Dr Caoileann Murphy, RD

Marie Sklodowska Curie Fellow, Teagasc, Trinity College Dublin and Australian Catholic University

Bio

Caoileann is a registered dietitian currently working as a Marie Sklodowska Curie Fellow between Teagasc, Dublin and Australian Catholic University, Melbourne. Caoileann has an MSc in Sport and Exercise Nutrition from Loughborough University, UK and a PhD in Nutrition, Exercise and Health from McMaster University, Canada. Caoileann’s research is mainly focused on nutrition and exercise strategies to maintain muscle mass and strength in ageing, with a focus on personalized approaches. Caoileann was awarded the Irish Nutrition and Dietetic Institute Research Dietitian of the Year 2018 and the British Nutrition Foundation Drummond Early Career Scientist Award 2018.

Summary

Practical aspects of optimizing food-focused protein nutrition

Accumulating evidence suggests that higher protein intakes (i.e. above the recommended daily allowance of 0.8 g/kg/d) can enhance adaptations to exercise training and slow the loss of muscle mass and function with age. A food-first approach to achieving protein requirements has numerous advantages including the co-consumption of other essential nutrients, food matrix effects, and enhanced palatability, affordability, acceptability, accessibility and social aspects. For example, increasing dairy foods was recently shown to be a practical, acceptable and low cost intervention for increasing protein (and calcium) intakes and reducing falls and fractures among older adults living in residential care.

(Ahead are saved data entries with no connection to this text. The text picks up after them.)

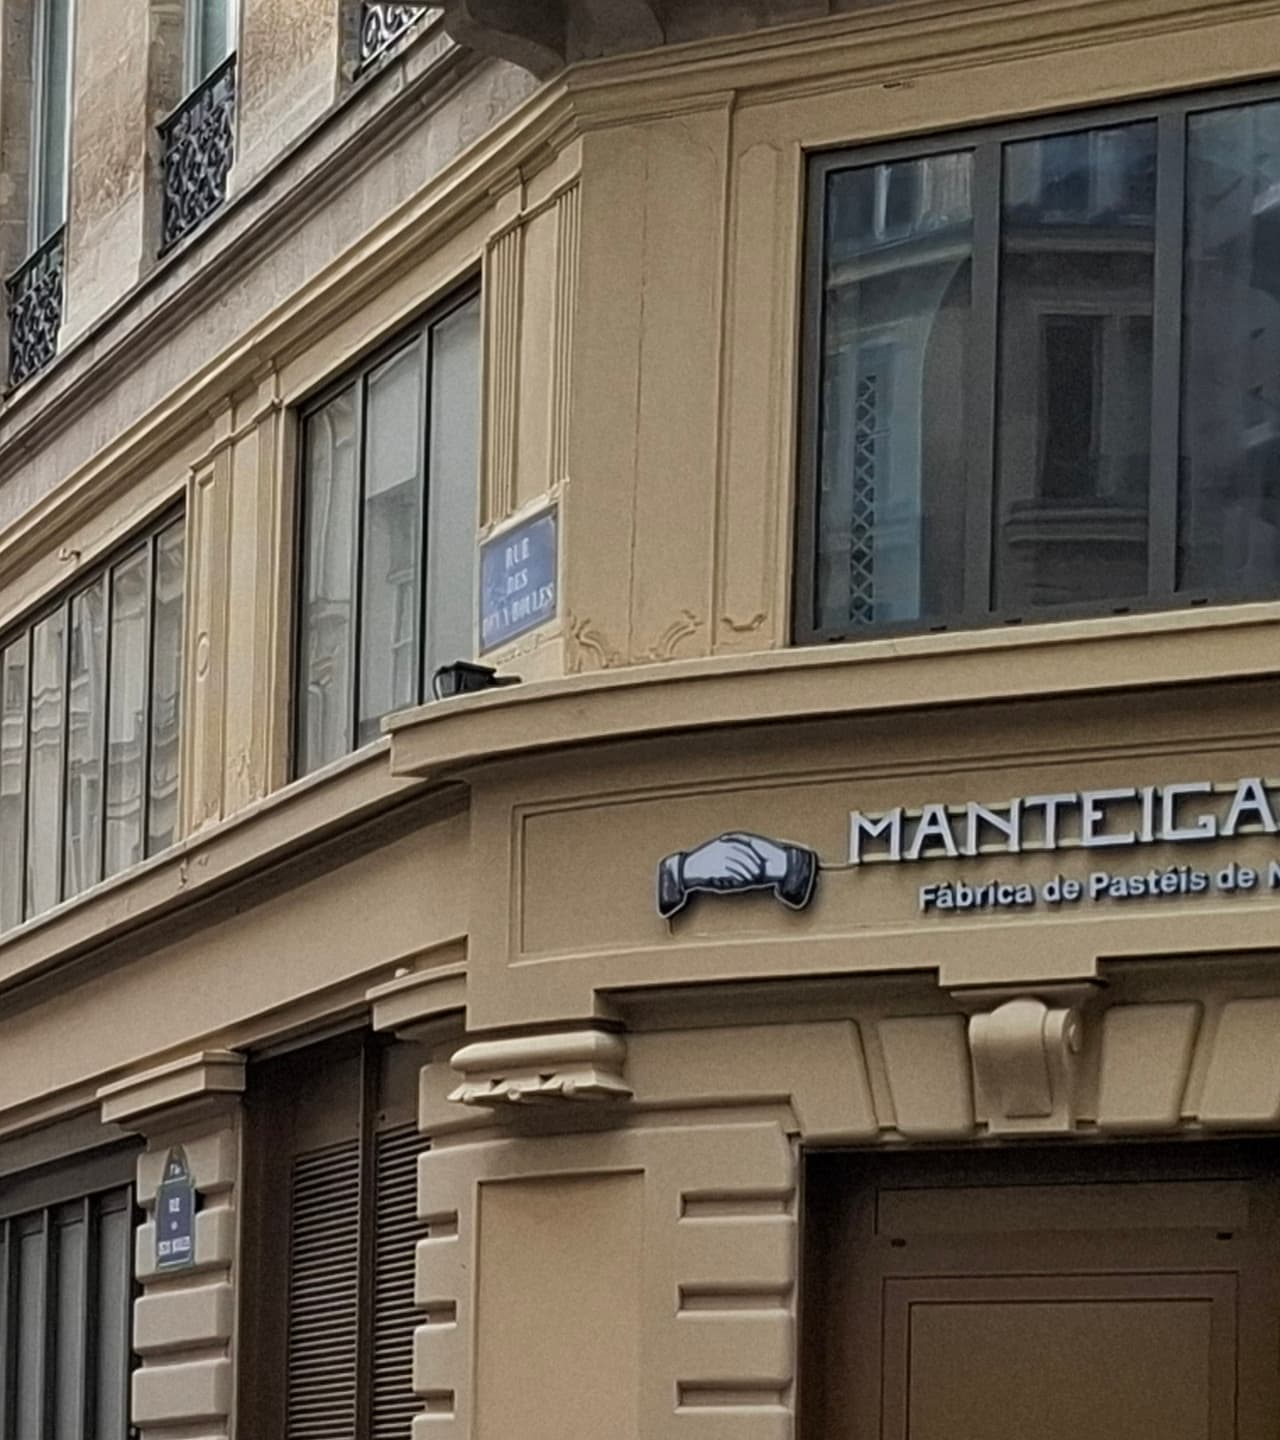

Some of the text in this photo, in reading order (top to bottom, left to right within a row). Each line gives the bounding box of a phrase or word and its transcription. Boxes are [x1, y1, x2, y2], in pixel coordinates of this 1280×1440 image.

[505, 537, 530, 569] RUE
[849, 778, 1280, 863] MANTEIGA
[918, 879, 1034, 911] Fábrica
[1042, 874, 1081, 902] de
[1088, 864, 1208, 899] Pastéis
[1216, 862, 1256, 889] de

In addition to the total daily protein intake, per-meal protein intake and characteristics of the protein source (protein quality, protein density, energy content, volume, texture, convenience) are important considerations. There is a saturable dose-response relationship between the quantity of protein consumed in a single meal and the postprandial rate of muscle protein synthesis. This suggests that the consumption of an even pattern of protein intake, with an optimally stimulatory amount of protein at each of the daily meals, would effectively stimulate rates of muscle protein synthesis throughout the day. However, in practice, older adults and athletes tend to skew protein intake, consuming the majority of daily protein (~40% – 50%) at the evening meal and smaller, suboptimal amounts at the other meals. Protein intakes are typically particularly low at breakfast and therefore this represents a good target to improve intake via increased consumption of protein-dense, culturally acceptable foods (e.g. eggs, dairy, smoked fish).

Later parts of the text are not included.